Crap! What happened to my discpline of keeping work and play neatly separated? Not that I completely believe it in, though. I have learned a great of Haskell by working on darcs, much more than if I had just continued plodding on with GenI (work).
Anyway, I just felt the need to rejoice. After last night's (this morning's) wikibooks debacle, I now understand ordinary conflictors! Not the complicated ones, mind you, no middle anything, just the simple stuff.
14:24 [kowey] could i check something with you on conflictors?
14:24 [arjanb] sure
14:24 [kowey] i've worked this out backwards, and want to make sure i'm not wrong, here
14:25 [kowey] say A and B conflict (this is the beer and pasta example in the wikibook)
14:25 [kowey] we want to pull A into B's side...
14:25 [kowey] so we want to calculate some A1 that we can apply like BA1
14:25 [kowey] so far so good?
14:25 [arjanb] yes
14:26 [kowey] in order to do this, we have to calculate A^-1
14:26 [kowey] and commute that with B to get (B1 A1^-1)
14:26 [kowey] so, in the beer and pasta example
14:26 [kowey] A is "add beer to the shopping list"
14:27 [kowey] A^-1 is "remove beer from the shopping list"
14:27 [kowey] since A^-1 and B conflict; we have to use forced commutation
14:28 [kowey] and when you do a forced commutation, the effect of A1^-1 is exactly the same as the effect of B
14:28 [kowey] so A1^-1 says "add pasta to the shopping list"

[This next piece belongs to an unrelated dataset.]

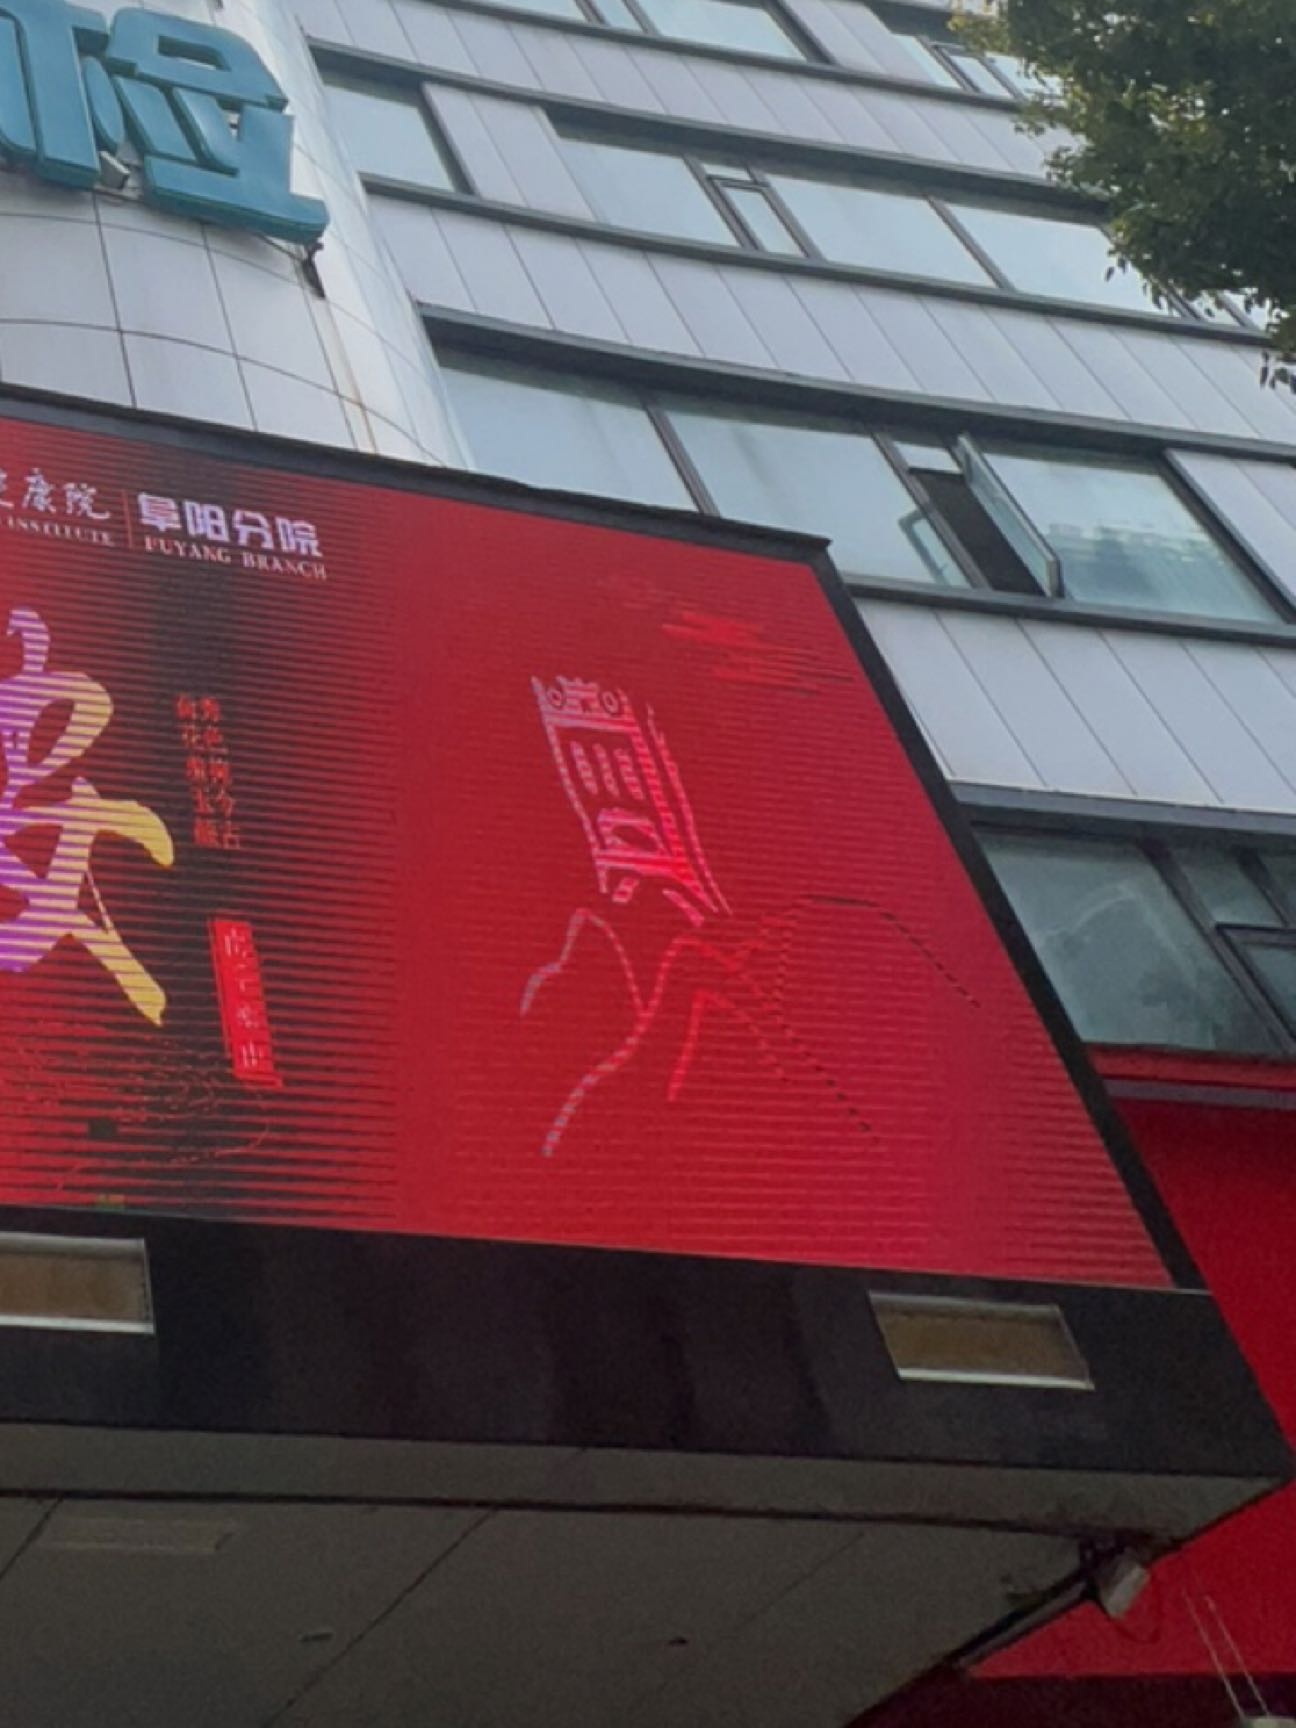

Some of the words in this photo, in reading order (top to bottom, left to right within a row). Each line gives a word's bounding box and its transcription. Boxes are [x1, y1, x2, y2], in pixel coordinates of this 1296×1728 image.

[137, 492, 322, 557] 阜阳分院
[144, 535, 232, 564] FUYANG
[242, 551, 328, 580] BRANCH
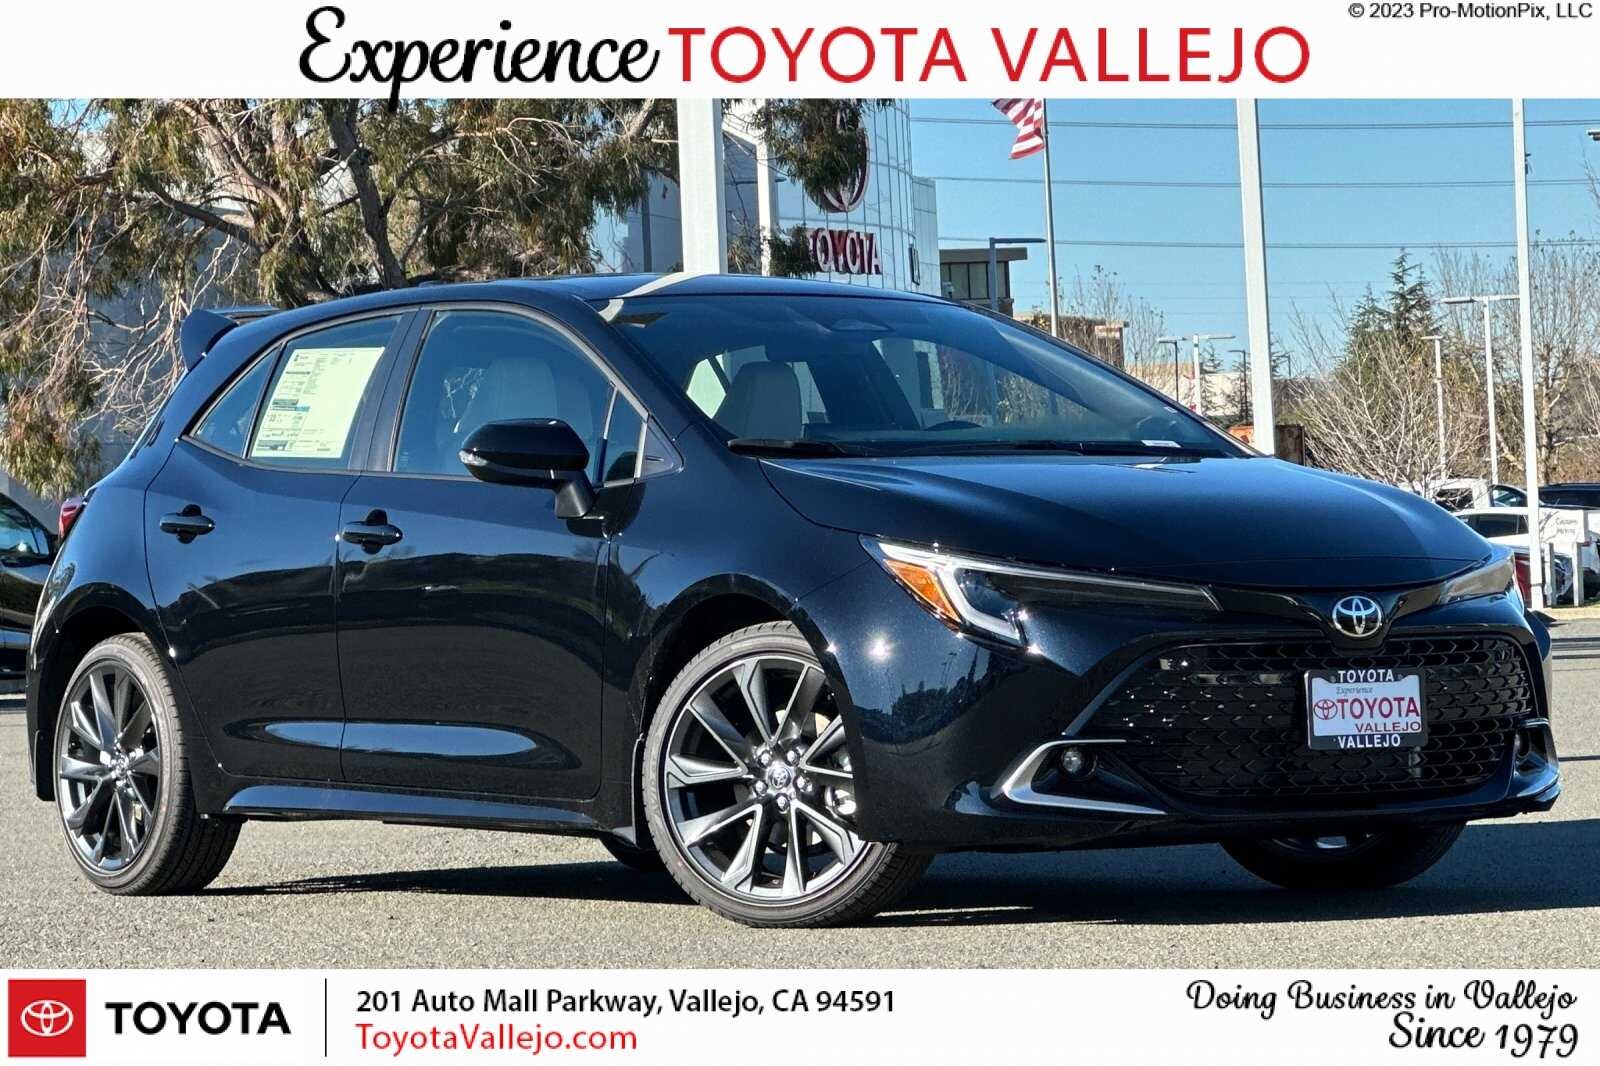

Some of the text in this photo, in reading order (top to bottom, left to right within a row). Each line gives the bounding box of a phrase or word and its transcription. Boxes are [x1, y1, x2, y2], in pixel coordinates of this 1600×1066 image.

14:28 [kowey] and when you take the inverse of that, you get "remove pasta from the shopping list"
14:28 [kowey] which you can then apply to B to cancel the pasta out
14:29 [kowey] is that right?
14:29 [arjanb] yes though i prefer to do it the other way around
14:29 [kowey] you mean, pull B into A or something else?
14:31 [arjanb] make first a sequence B B^-1 A then commute to B A1 (B1^-1)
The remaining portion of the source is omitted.